Found em without links, Added



Intel_man said:


> FireFTP is great for accessing FTP servers properly on FF.



I use Fireftp also, totally forgot about it. Added


----------



## Aastii

Not sure what has been said so far, not going through, but ehre are what i have so far (appolgies if they have been said already):

Red Shift V3 Theme. I like how it is black and red (+1) ant that it doesn't complicate things, it keeps it all very simple, i can't stand buttons i don't use (+2)

Google Toolbar. Again, it is so i don't have to keep going home when i need to search for something, it is again for the over complicating thing i said before in the red shift theme.

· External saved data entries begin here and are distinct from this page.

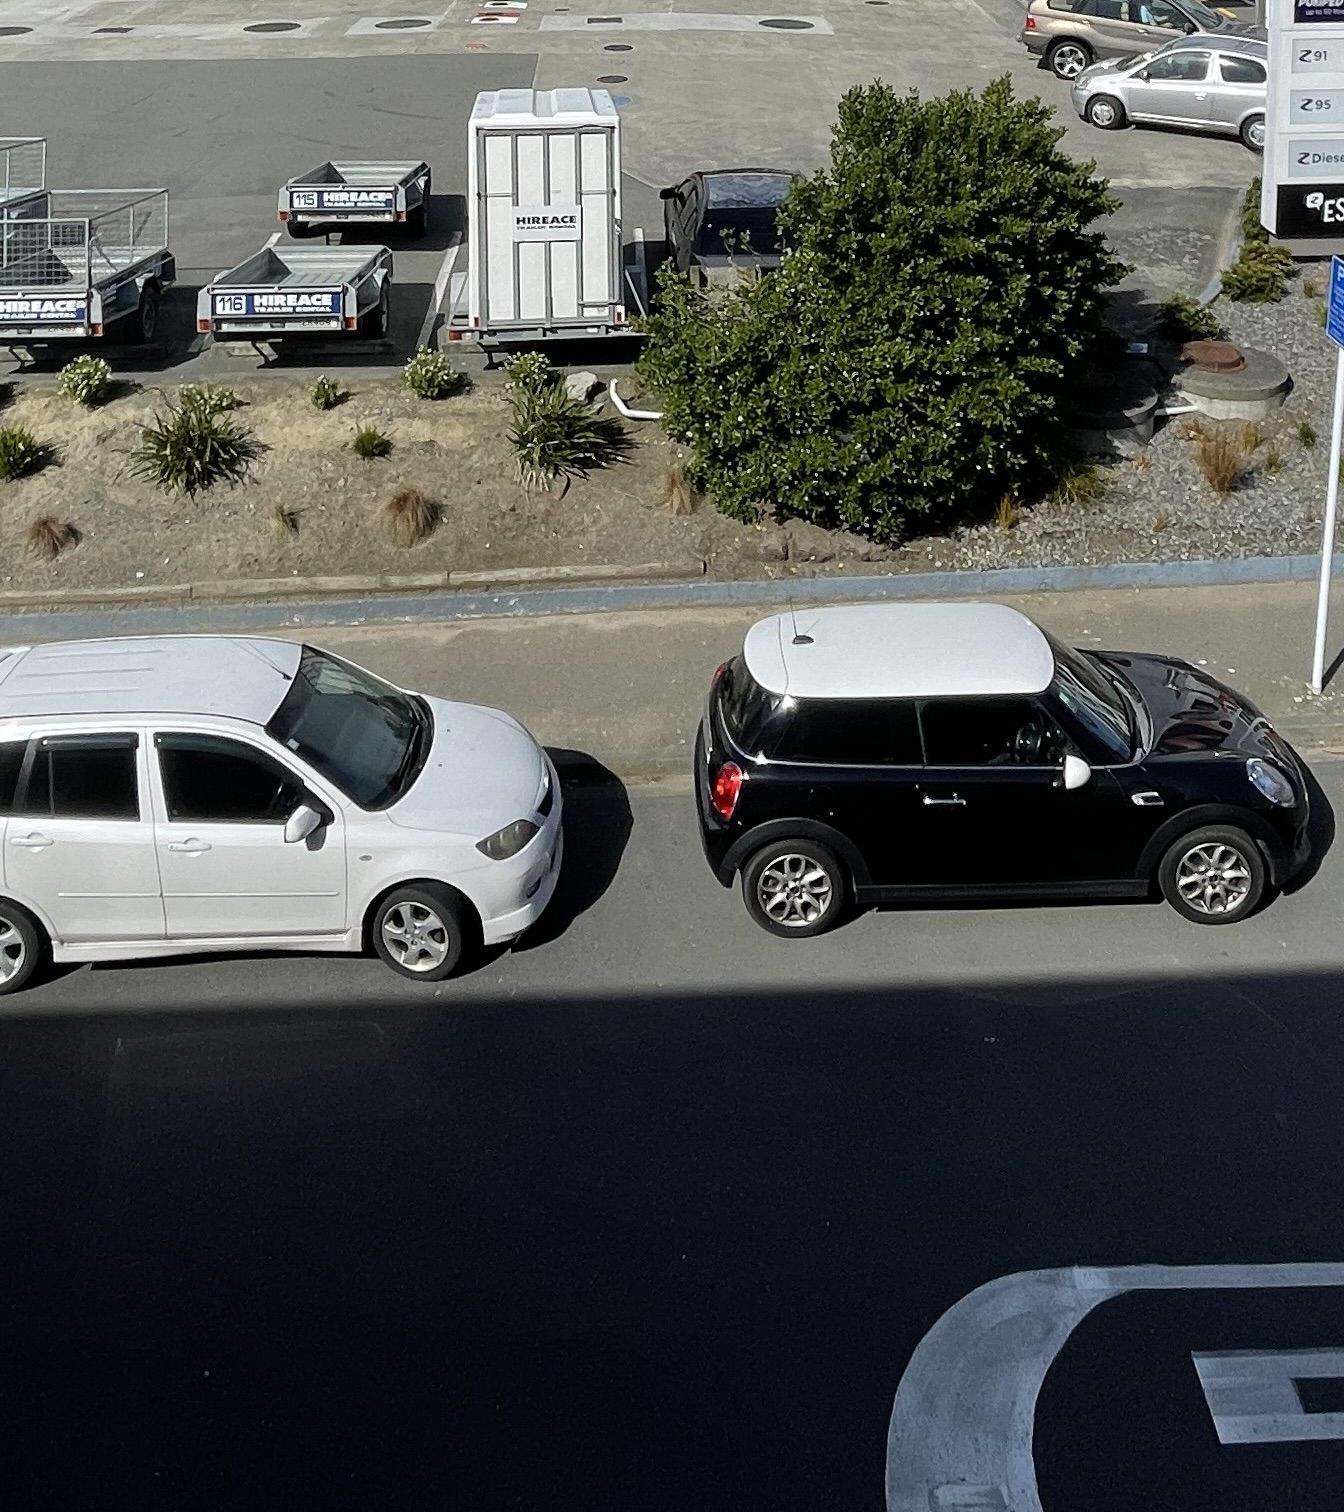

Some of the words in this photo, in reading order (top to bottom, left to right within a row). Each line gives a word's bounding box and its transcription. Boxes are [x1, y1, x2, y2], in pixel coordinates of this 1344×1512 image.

[1313, 50, 1328, 62] 91
[1315, 99, 1332, 110] 95
[295, 193, 315, 206] 115
[323, 191, 387, 202] HIREACE
[516, 215, 578, 225] HIREACE
[218, 296, 244, 312] 116
[253, 294, 333, 307] HIREACE

And that is it, can't be doing with finding all the stuff which on paper looks incredibly useful, but that will never get used


----------



## bomberboysk

Aastii said:


> Not sure what has been said so far, not going through, but ehre are what i have so far (appolgies if they have been said already):
> 
> Red Shift V3 Theme. I like how it is black and red (+1) ant that it doesn't complicate things, it keeps it all very simple, i can't stand buttons i don't use (+2)
> 
> Google Toolbar. Again, it is so i don't have to keep going home when i need to search for something, it is again for the over complicating thing i said before in the red shift theme.
> 
> And that is it, can't be doing with finding all the stuff which on paper looks incredibly useful, but that will never get used



Added


----------



## Droogie

maybe a brief description next to each link, just a few words about what it does.


----------



## bomberboysk

tknick90 said:


> maybe a brief description next to each link, just a few words about what it does.

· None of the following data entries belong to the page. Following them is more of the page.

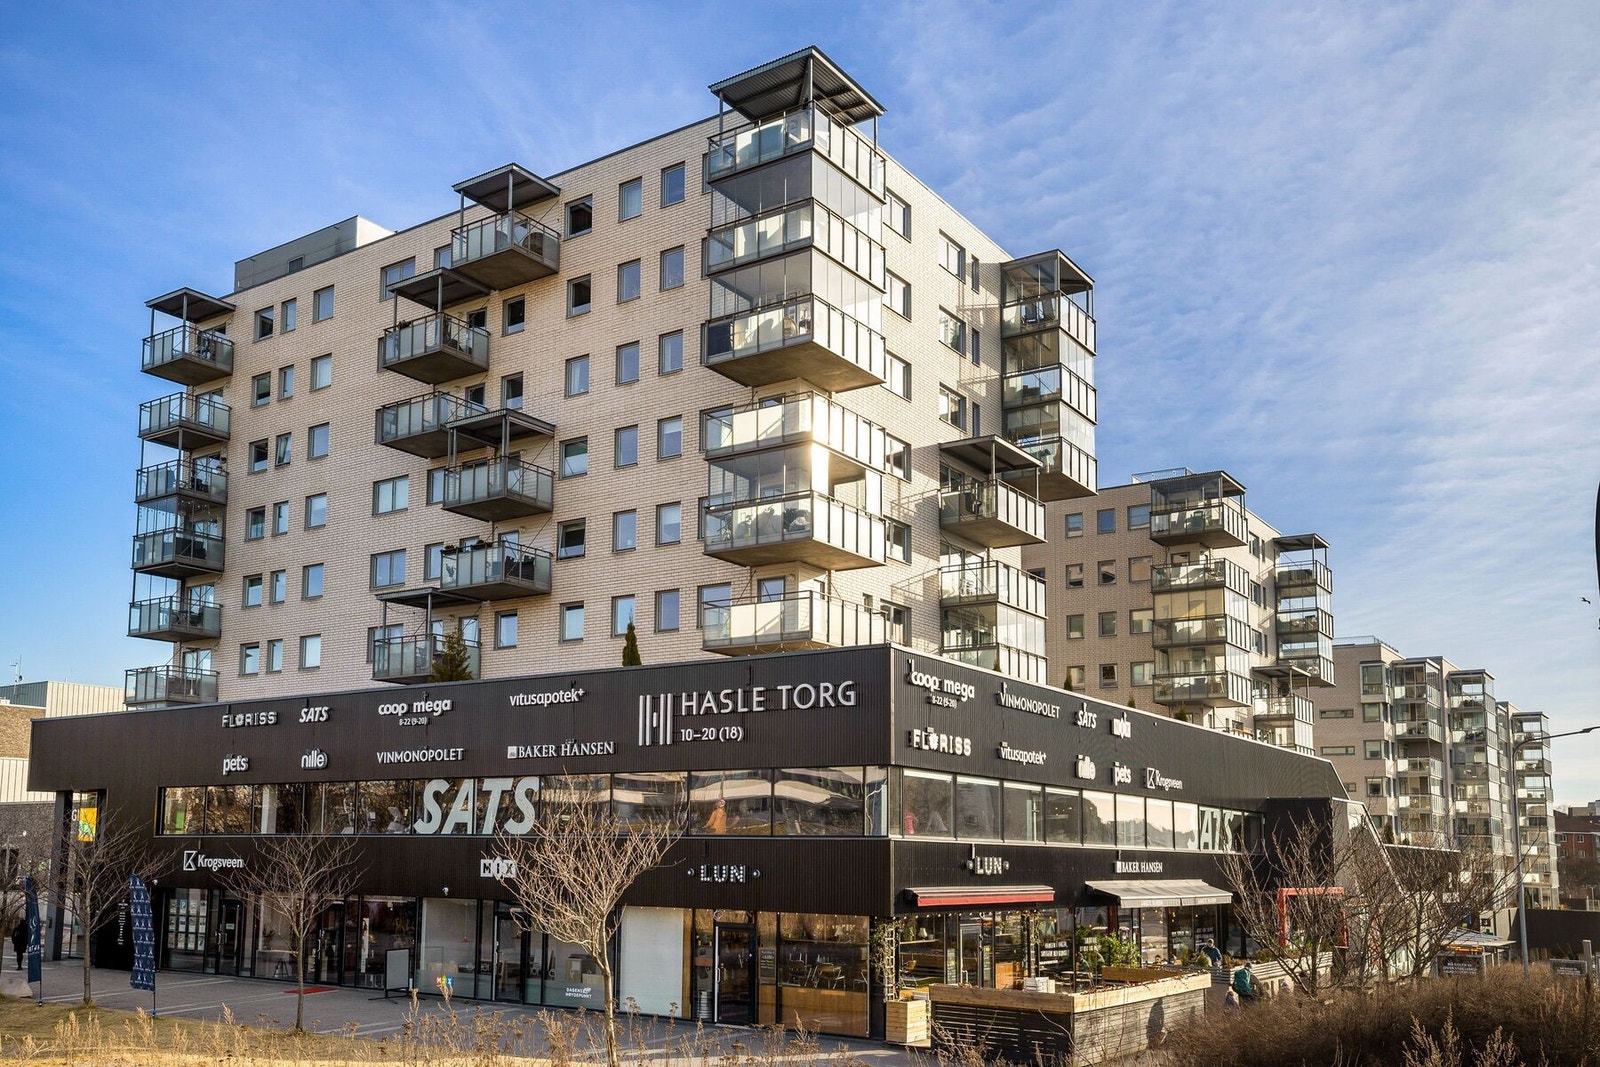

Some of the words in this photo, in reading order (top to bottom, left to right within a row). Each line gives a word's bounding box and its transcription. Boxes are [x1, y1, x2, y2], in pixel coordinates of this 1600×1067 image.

[911, 671, 940, 692] coop
[944, 679, 975, 702] mega
[378, 702, 408, 716] coop
[412, 699, 452, 716] mega
[682, 687, 766, 716] HASLE
[777, 681, 857, 710] TORG
[1000, 692, 1060, 719] VINMONOPOLET
[299, 706, 330, 723] SATS
[399, 718, 411, 726] 8-22
[1077, 710, 1097, 729] SATS
[719, 726, 744, 742] (18)
[301, 748, 327, 769] nille
[376, 748, 464, 764] VINMONOPOLET
[518, 744, 557, 758] BAKER
[560, 741, 615, 756] HANSEN
[222, 753, 249, 775] pets
[1115, 765, 1131, 786] pets
[413, 776, 540, 835] SATS
[197, 854, 245, 872] Krogsveen
[975, 856, 1002, 876] LUN
[1121, 861, 1140, 873] BAKER
[1141, 861, 1163, 873] HANSEN
[700, 863, 746, 883] LUN

Will do... Tomorrow when i get some time, if anyone wants to send me a pm with a list of descriptions for each one currently there though i would appreciate it much


----------



## G25r8cer

Here's the ones I use

Adblock Plus
Anycolor
Download Helper
Fission
Foxtab
Speed Dial
Stylish
WebMail Notifier


----------



## Glliw

Here's one for the photography buffs around here.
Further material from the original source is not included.